Data listing:
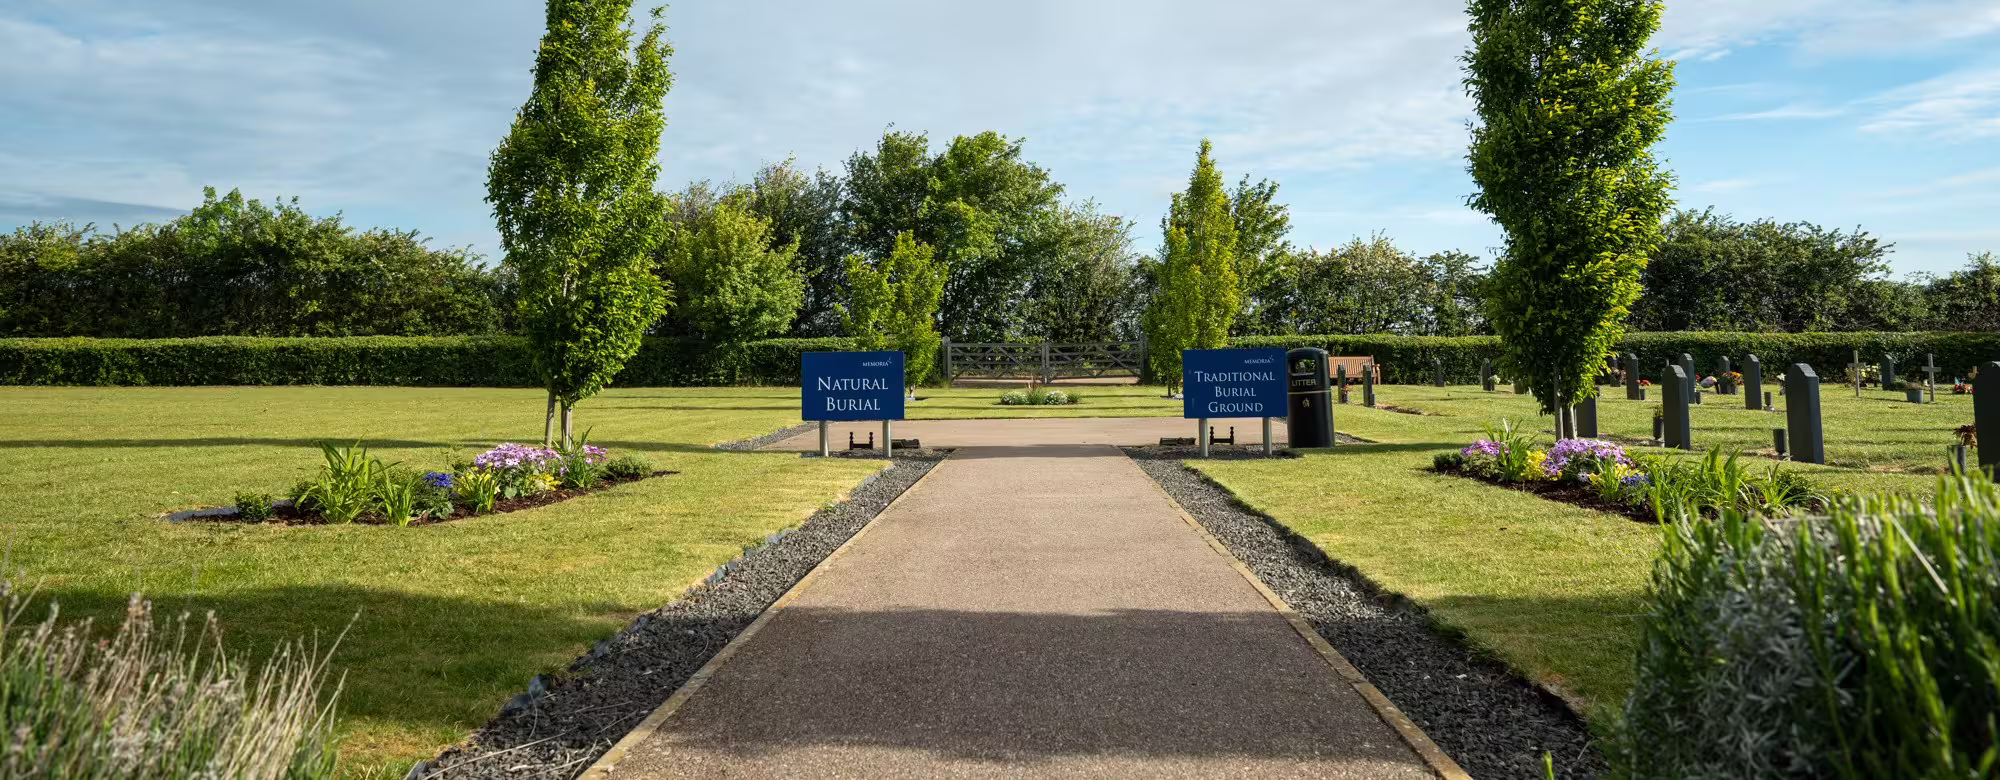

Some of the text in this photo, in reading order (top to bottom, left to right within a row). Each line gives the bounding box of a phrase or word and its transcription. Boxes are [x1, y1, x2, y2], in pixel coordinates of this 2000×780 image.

[1194, 371, 1275, 383] TRADITIONAL
[1291, 378, 1317, 387] LITTER
[817, 376, 889, 391] NATURAL
[1215, 386, 1256, 397] BURIAL
[826, 396, 881, 411] BURIAL
[1208, 401, 1263, 413] GROUND
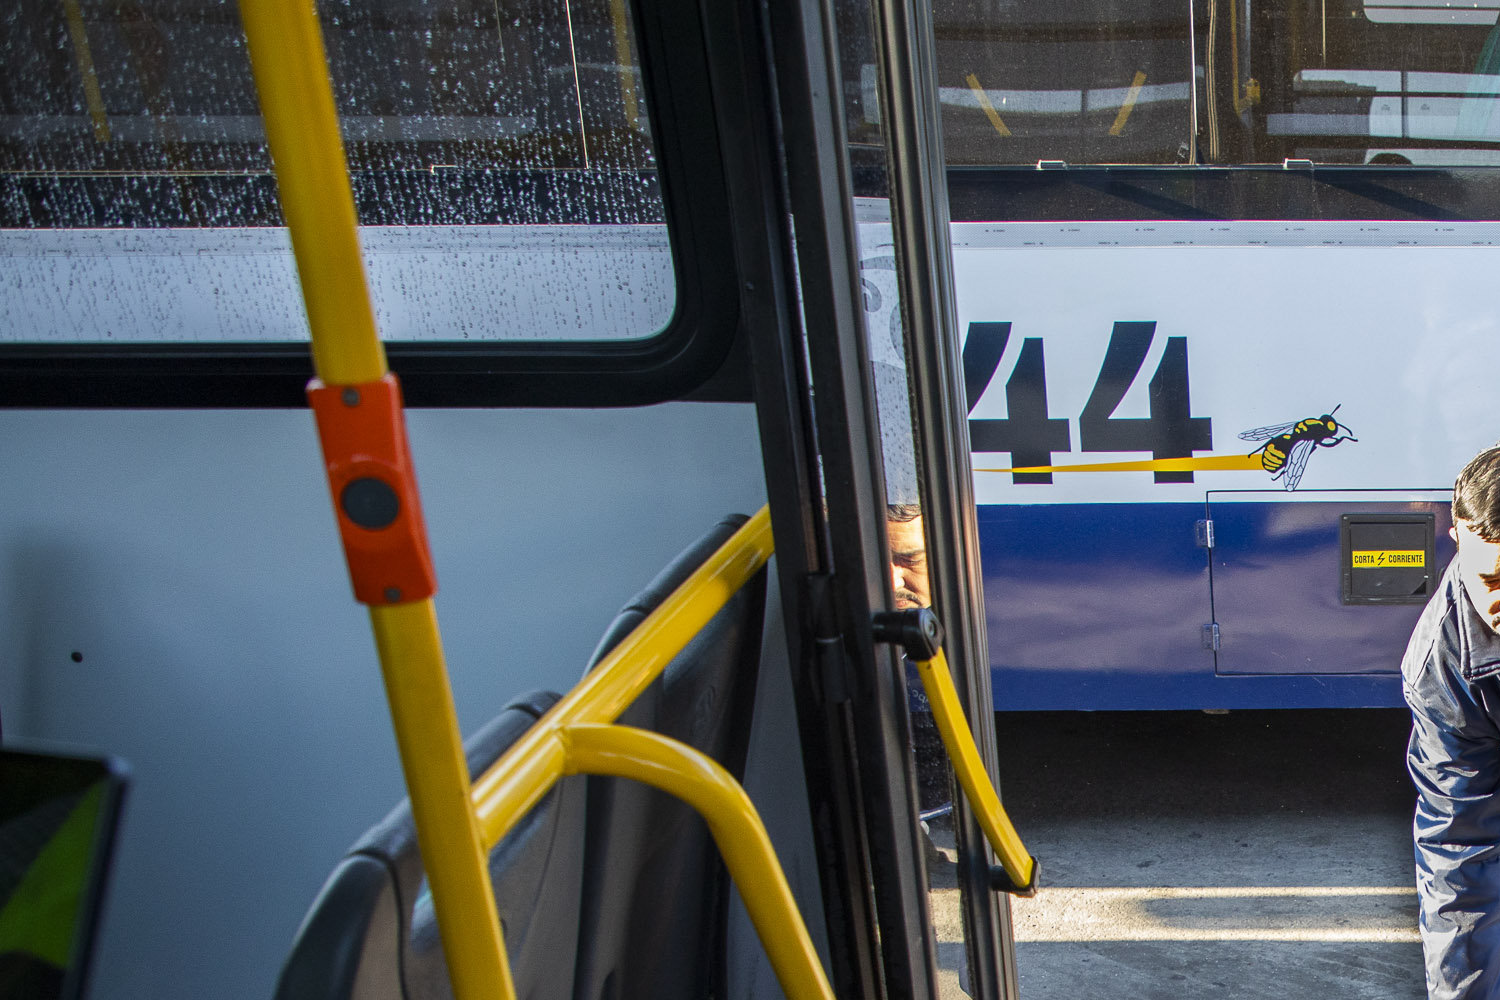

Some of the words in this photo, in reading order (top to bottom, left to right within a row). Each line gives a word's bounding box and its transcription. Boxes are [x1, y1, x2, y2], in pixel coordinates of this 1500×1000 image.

[963, 321, 1212, 484] 44
[1354, 555, 1375, 564] CORTA
[1388, 554, 1423, 563] CORRIENTE
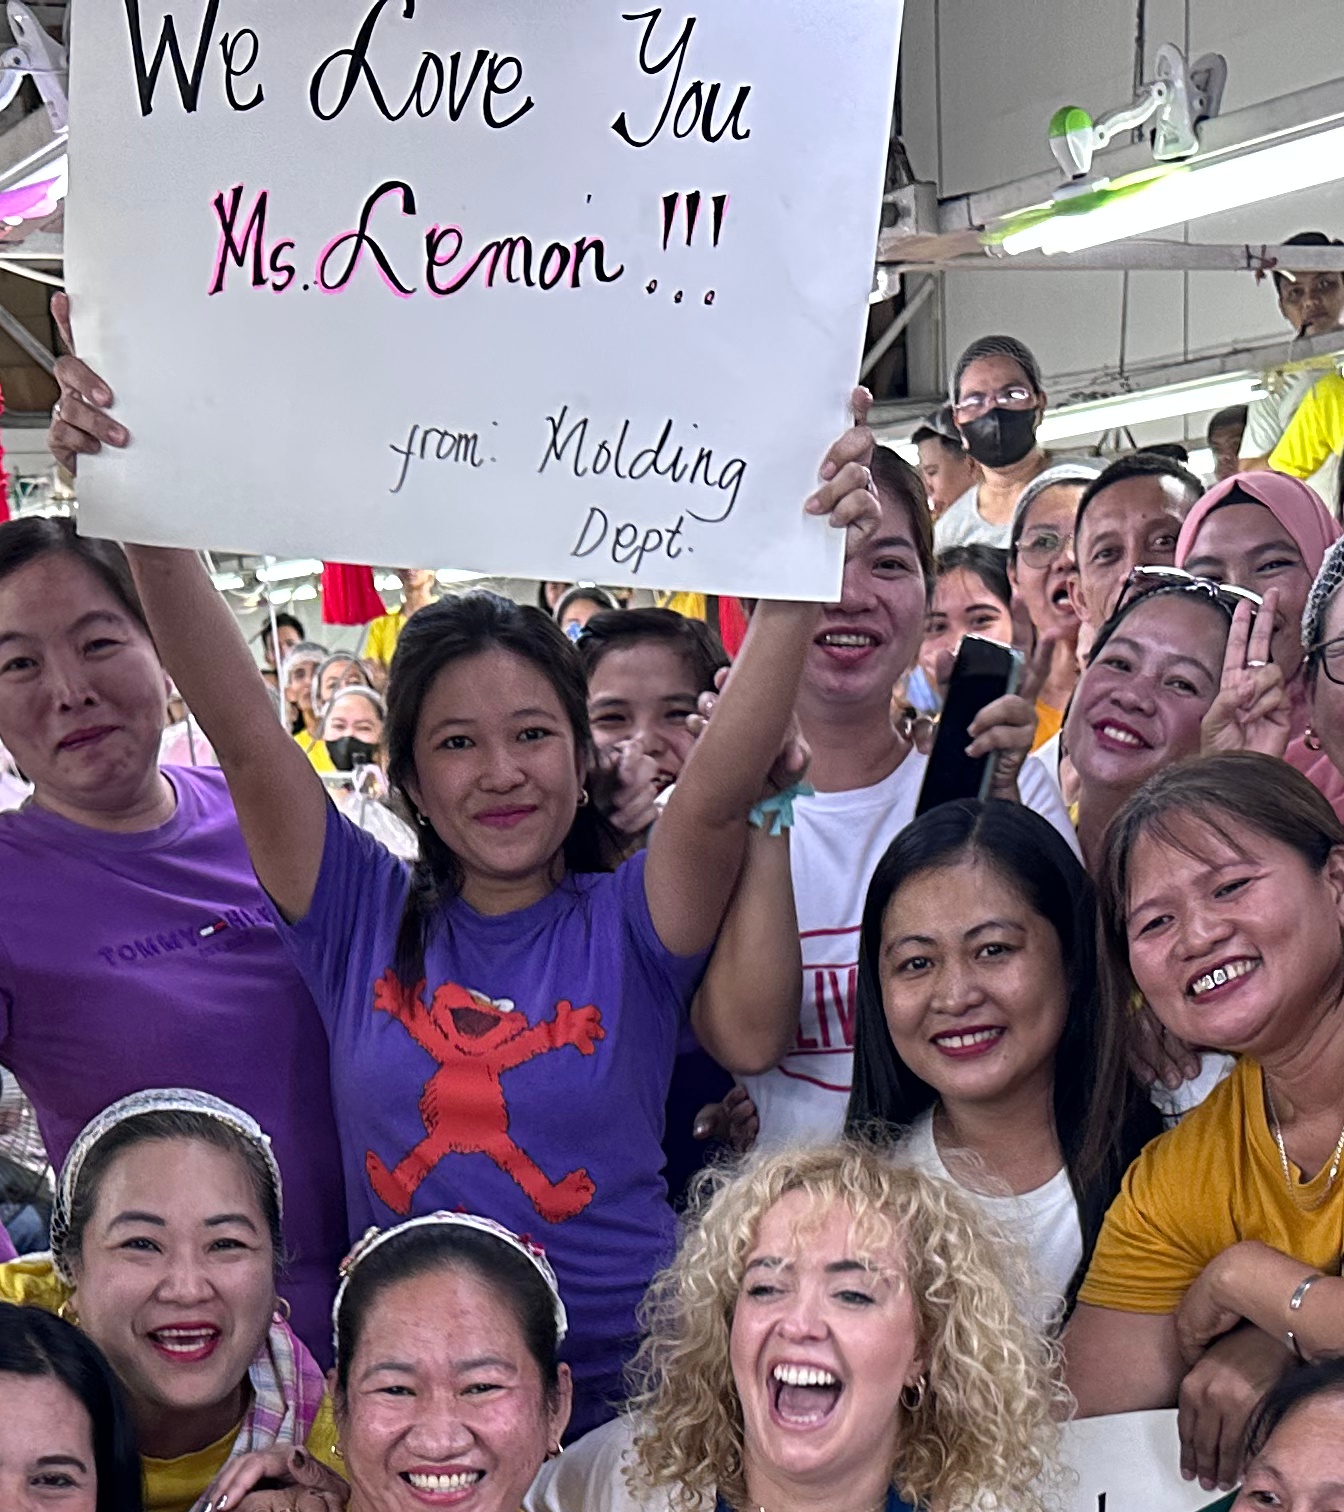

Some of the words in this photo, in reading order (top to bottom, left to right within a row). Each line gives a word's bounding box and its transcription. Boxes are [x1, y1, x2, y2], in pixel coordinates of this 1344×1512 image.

[125, 0, 264, 116] We
[309, 0, 535, 128] Love
[611, 8, 751, 147] You
[538, 405, 747, 523] Molding
[570, 507, 694, 573] Dept.
[98, 927, 197, 966] TOMMY
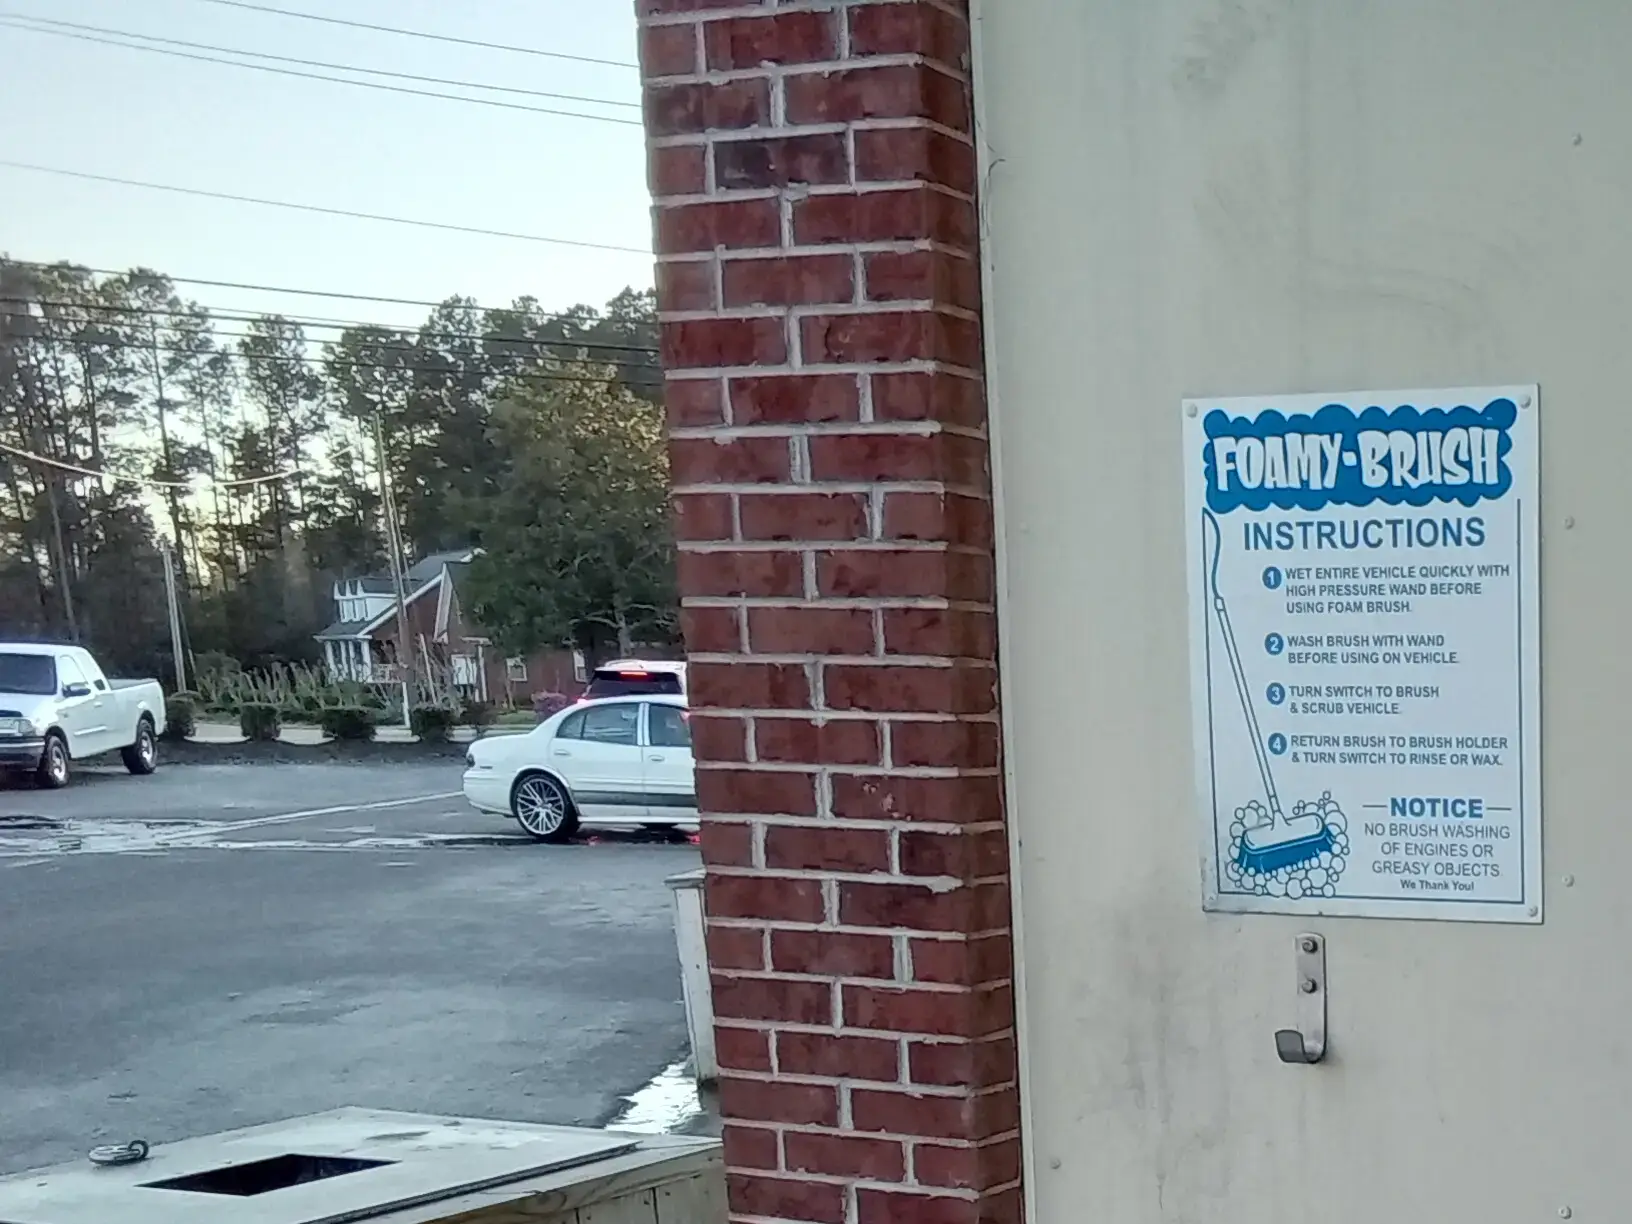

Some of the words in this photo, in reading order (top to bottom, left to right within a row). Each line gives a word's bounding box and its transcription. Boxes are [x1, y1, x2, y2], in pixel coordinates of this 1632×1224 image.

[1244, 517, 1485, 550] INSTRUCTIONS
[1285, 567, 1313, 580] WET
[1316, 567, 1360, 580] ENTIRE
[1363, 566, 1416, 579] VEHICLE
[1419, 565, 1474, 578] QUICKLY
[1477, 564, 1509, 577] WITH
[1286, 585, 1316, 597] HIGH
[1319, 584, 1387, 596] PRESSURE
[1389, 583, 1427, 595] WAND
[1430, 582, 1481, 595] BEFORE
[1286, 602, 1324, 614] USING
[1327, 602, 1364, 614] FOAM
[1287, 636, 1324, 648] WASH
[1327, 635, 1370, 648] BRUSH
[1372, 635, 1403, 647] WITH
[1406, 635, 1444, 647] WAND
[1288, 652, 1337, 664] BEFORE
[1341, 652, 1379, 664] USING
[1382, 652, 1401, 664] ON
[1289, 686, 1322, 698] TURN
[1325, 686, 1373, 698] SWITCH
[1375, 686, 1393, 698] TO
[1396, 686, 1439, 698] BRUSH
[1290, 703, 1299, 714] &
[1302, 703, 1344, 714] SCRUB
[1291, 735, 1340, 747] RETURN
[1343, 736, 1387, 748] BRUSH
[1389, 737, 1406, 748] TO
[1409, 737, 1453, 748] BRUSH
[1456, 737, 1508, 749] HOLDER
[1291, 752, 1300, 763] &
[1303, 752, 1336, 764] TURN
[1339, 752, 1387, 764] SWITCH
[1389, 753, 1407, 765] TO
[1410, 753, 1447, 765] RINSE
[1450, 754, 1469, 765] OR
[1391, 798, 1483, 818] NOTICE
[1364, 823, 1386, 836] NO
[1389, 824, 1439, 837] BRUSH
[1442, 824, 1510, 839] WASHING
[1381, 842, 1400, 855] OF
[1404, 843, 1469, 857] ENGINES
[1472, 844, 1493, 857] OR
[1372, 861, 1430, 875] GREASY
[1400, 879, 1416, 889] We
[1418, 880, 1448, 890] Thank

Task details: From the first line to the last, output the records exactly without pictures.

Answer area:
Some of the text in this photo, in reading order (top to bottom, left to right within a row). Each line gives the bounding box of a phrase or word and its transcription. Boxes are [x1, y1, x2, y2], in pixel coordinates of this 2000×780 image.

[1194, 371, 1275, 383] TRADITIONAL
[1291, 378, 1317, 387] LITTER
[817, 376, 889, 391] NATURAL
[1215, 386, 1256, 397] BURIAL
[826, 396, 881, 411] BURIAL
[1208, 401, 1263, 413] GROUND

Some of the words in this photo, in reading order (top to bottom, left to right within a row). Each line gives a word's bounding box and its transcription. Boxes are [x1, y1, x2, y2], in pixel coordinates of this 1500×1000 image.

[963, 321, 1212, 484] 44
[1354, 555, 1375, 564] CORTA
[1388, 554, 1423, 563] CORRIENTE

Some of the words in this photo, in reading order (top to bottom, left to right within a row). Each line gives a word's bounding box and its transcription. Boxes are [x1, y1, x2, y2], in pixel coordinates of this 1344×1512 image.

[125, 0, 264, 116] We
[309, 0, 535, 128] Love
[611, 8, 751, 147] You
[538, 405, 747, 523] Molding
[570, 507, 694, 573] Dept.
[98, 927, 197, 966] TOMMY

Some of the words in this photo, in reading order (top to bottom, left to right within a row). Each line gives a word's bounding box and its transcription. Boxes are [x1, y1, x2, y2], in pixel coordinates of this 1632×1224 image.

[1244, 517, 1485, 550] INSTRUCTIONS
[1285, 567, 1313, 580] WET
[1316, 567, 1360, 580] ENTIRE
[1363, 566, 1416, 579] VEHICLE
[1419, 565, 1474, 578] QUICKLY
[1477, 564, 1509, 577] WITH
[1286, 585, 1316, 597] HIGH
[1319, 584, 1387, 596] PRESSURE
[1389, 583, 1427, 595] WAND
[1430, 582, 1481, 595] BEFORE
[1286, 602, 1324, 614] USING
[1327, 602, 1364, 614] FOAM
[1287, 636, 1324, 648] WASH
[1327, 635, 1370, 648] BRUSH
[1372, 635, 1403, 647] WITH
[1406, 635, 1444, 647] WAND
[1288, 652, 1337, 664] BEFORE
[1341, 652, 1379, 664] USING
[1382, 652, 1401, 664] ON
[1289, 686, 1322, 698] TURN
[1325, 686, 1373, 698] SWITCH
[1375, 686, 1393, 698] TO
[1396, 686, 1439, 698] BRUSH
[1290, 703, 1299, 714] &
[1302, 703, 1344, 714] SCRUB
[1291, 735, 1340, 747] RETURN
[1343, 736, 1387, 748] BRUSH
[1389, 737, 1406, 748] TO
[1409, 737, 1453, 748] BRUSH
[1456, 737, 1508, 749] HOLDER
[1291, 752, 1300, 763] &
[1303, 752, 1336, 764] TURN
[1339, 752, 1387, 764] SWITCH
[1389, 753, 1407, 765] TO
[1410, 753, 1447, 765] RINSE
[1450, 754, 1469, 765] OR
[1391, 798, 1483, 818] NOTICE
[1364, 823, 1386, 836] NO
[1389, 824, 1439, 837] BRUSH
[1442, 824, 1510, 839] WASHING
[1381, 842, 1400, 855] OF
[1404, 843, 1469, 857] ENGINES
[1472, 844, 1493, 857] OR
[1372, 861, 1430, 875] GREASY
[1400, 879, 1416, 889] We
[1418, 880, 1448, 890] Thank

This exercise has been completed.